Peter L. Salgo, MD: What is that?
John J. Oppenheimer, MD: $81.9 billion.
Peter L. Salgo, MD: Billion dollars.
John J. Oppenheimer, MD: That’s what they stated last year, and what’s intriguing is that’s including healthcare costs, pharmacy benefits, and absenteeism, as well as death. But what’s interesting is that presenteeism, Don, 1 of your interests, has never been calculated. So it’s mindboggling how expensive asthma is.
Don A. Bukstein, MD: And then we don’t calculate, we’re looking at asthma as just the airway disease. It really is because allergic precipitators and the Th2 [T-cell helper 2] allergic responses responsible, especially for most of the severe asthma, are well over 50%. We’re at a position where this inflammatory response is ongoing, and the cost may not just be in the lungs but it may be in the upper airway also. So, in other words, the comorbidities of this disease. And when you talk about absenteeism, we can also talk, if you’re an employer, you talk about presenteeism. How’s it going to affect the person when they’re actually working?
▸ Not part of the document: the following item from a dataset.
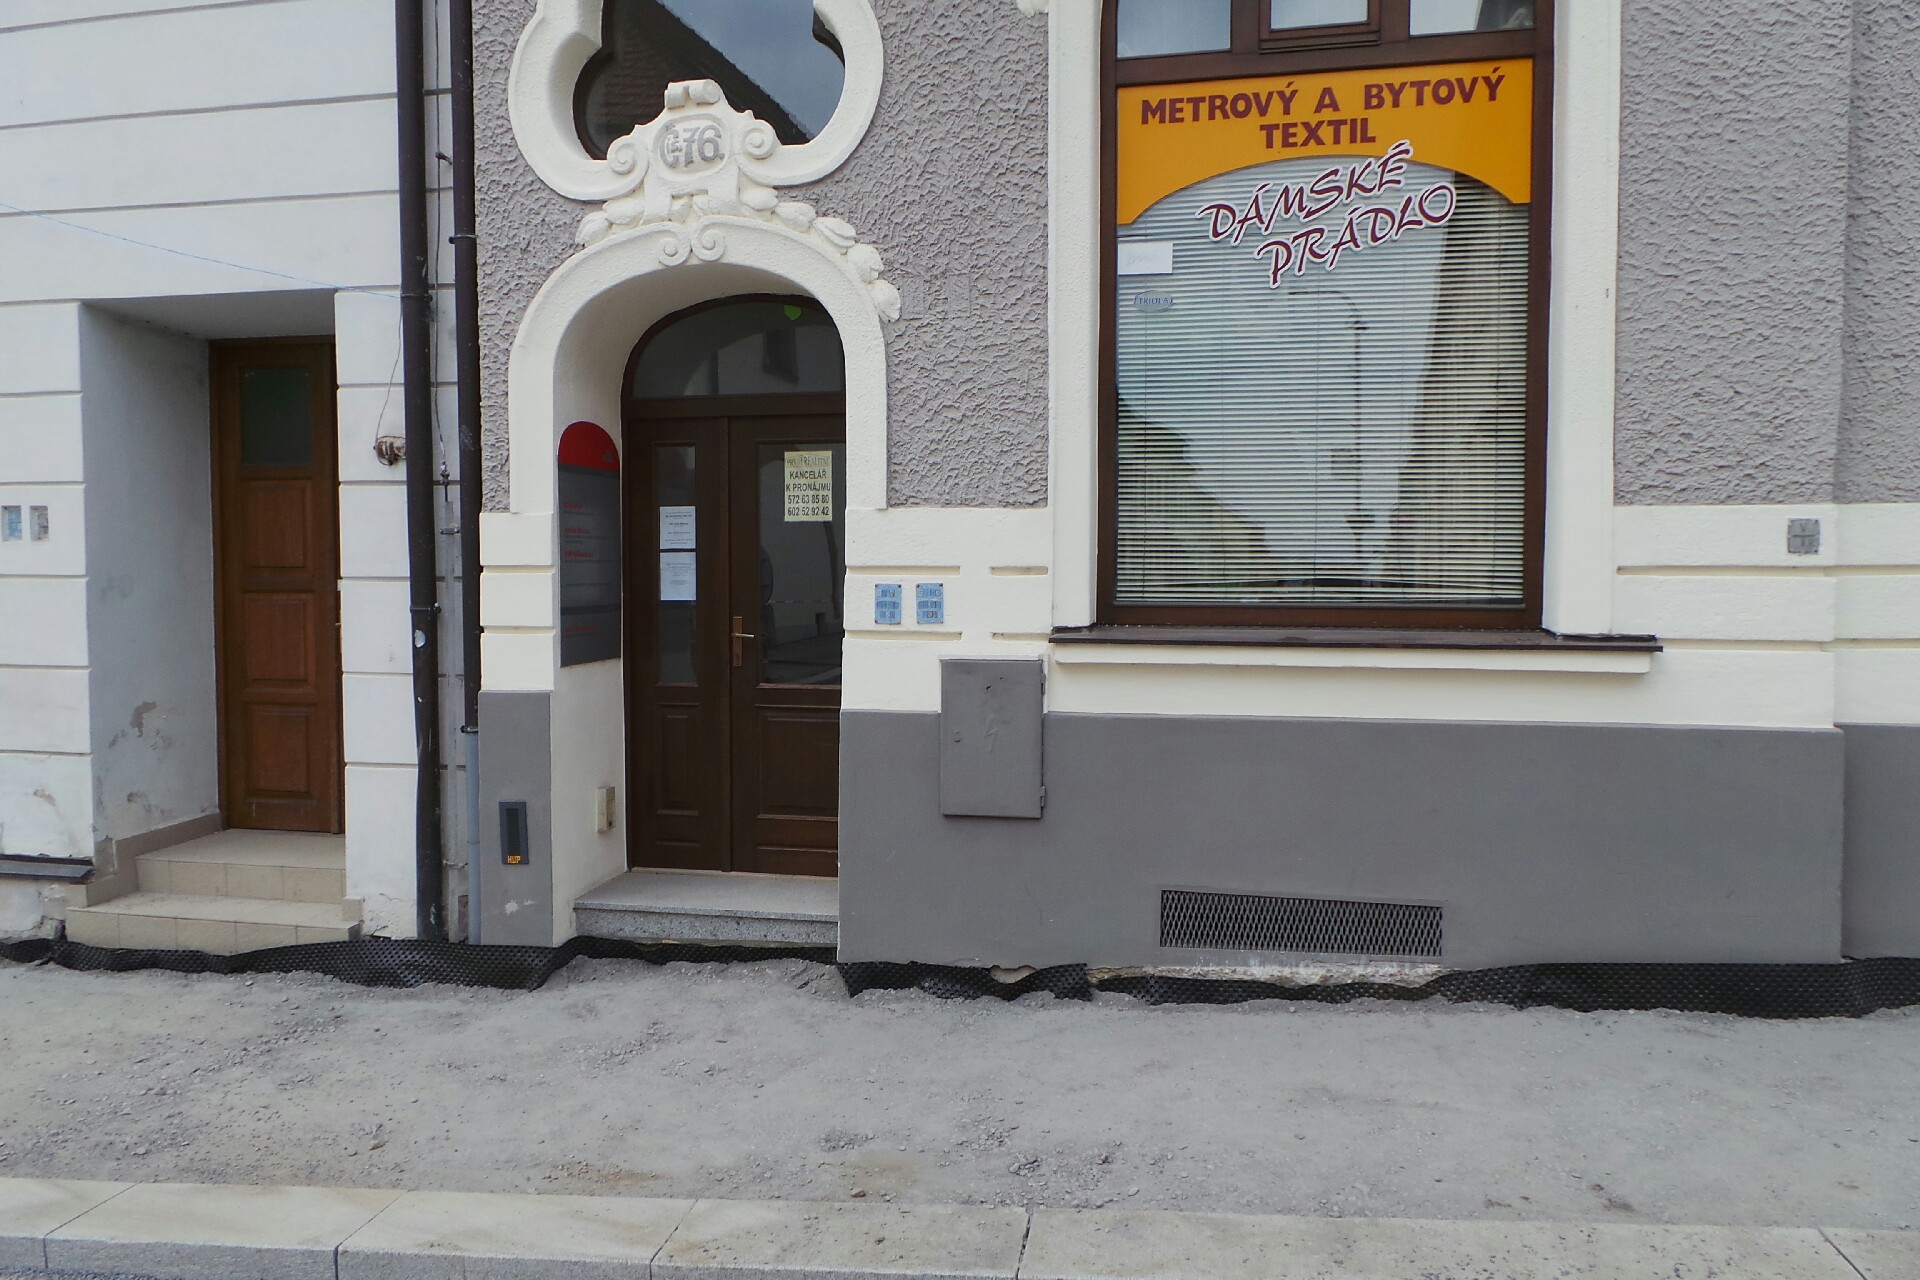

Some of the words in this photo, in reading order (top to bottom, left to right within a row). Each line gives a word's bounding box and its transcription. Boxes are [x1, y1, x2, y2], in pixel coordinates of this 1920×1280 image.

Peter L. Salgo, MD: You’re at the job but you really can’t work efficiently. Let me talk about the physiology. Actually, I’m going to ask you to talk about the physiology for a minute, and let’s talk about type 2 inflammation in asthma. What are the distinct roles of these type 2 cytokines? What are their effects? Let’s take it off from there.
Linda S. Cox, MD, FAAAAI, FACAAI, FACP: Boy, once you start tackling the immune system, it can get very complicated.
Peter L. Salgo, MD: That’s why you’re here.
Linda S. Cox, MD, FAAAAI, FACAAI, FACP: But let’s keep it simple. We generally think of 2 T cells, T-lymphocytes. There’s the Th1 [T-cell helper 1] and we lump them in with autoimmune disease, and then we have Th2, which is the allergic pathway that involves a number of cytokines like IL-4, IL-13 and ultimately the production of IgE [immunoglobulin E], which is the immunoglobulin that causes an allergic reaction. So that’s a very simplistic splitting up of the inflammatory…
Peter L. Salgo, MD: But there are phenotypes, right? There’s the high Th2 and the low Th2 phenotypes. What’s the difference? Is there a difference?
Linda S. Cox, MD, FAAAAI, FACAAI, FACP: I haven’t really heard of that grouping per se.
John J. Oppenheimer, MD: Well, T2 high and T2 low. So T2 high would be what we think classically of an asthmatic, an eosinophil upregulated phenomena, IL-4, or IL-13, IL-5, and IgE. And then T2 low would be either people that are paucicellular, so if you look…having no inflammatory or a dearth of inflammatory cells when doing bronchoalveolar lavage or neutrophil upregulation. So it’s a great way to stratify, and when we think about the rest of our conversation today, most of our therapy is directed towards T2 high. So one of the biggest problems we have is what do we do with these poor people that are T2 low?
Don A. Bukstein, MD: And T2 low may be associated with other cytokines, interleukin-17, others, interleukin-6. So there are other cytokines that may be, but we haven’t been as good about developing monoclonal antibodies to interrupt those pathways.
John J. Oppenheimer, MD: Well, the hope is if we hang out long enough, it will be there.
Louis Christos, RPh: Is the T high and T low, is that something measured routinely in physicians’ offices?
John J. Oppenheimer, MD: No, no, it is not.
Linda S. Cox, MD, FAAAAI, FACAAI, FACP: Not at all.
John J. Oppenheimer, MD: They’re not really stratifying….
Linda S. Cox, MD, FAAAAI, FACAAI, FACP: It’s more of a clinical picture.
Don A. Bukstein, MD: What we do is we measure things that give us an idea that it’s a T high or a T low. We don’t actually measure the cytokines. It would be great if we measured the interleukins, but we can’t do that efficiently at a clinical level. So what we do is we measure skin tests, we measure eosinophil counts, we measure IgE, we measure exhaled nitric oxide. It gives us the idea that it’s in that Th2 phenotype.
John J. Oppenheimer, MD: We have surrogates and that’s how we get approval for these biologics, which we’ll talk about in a few minutes. I mean, really we now have to think, instead of just using a big gun like a steroid, we now have to try to stratify, will people likely respond or not respond, based upon their phenotype.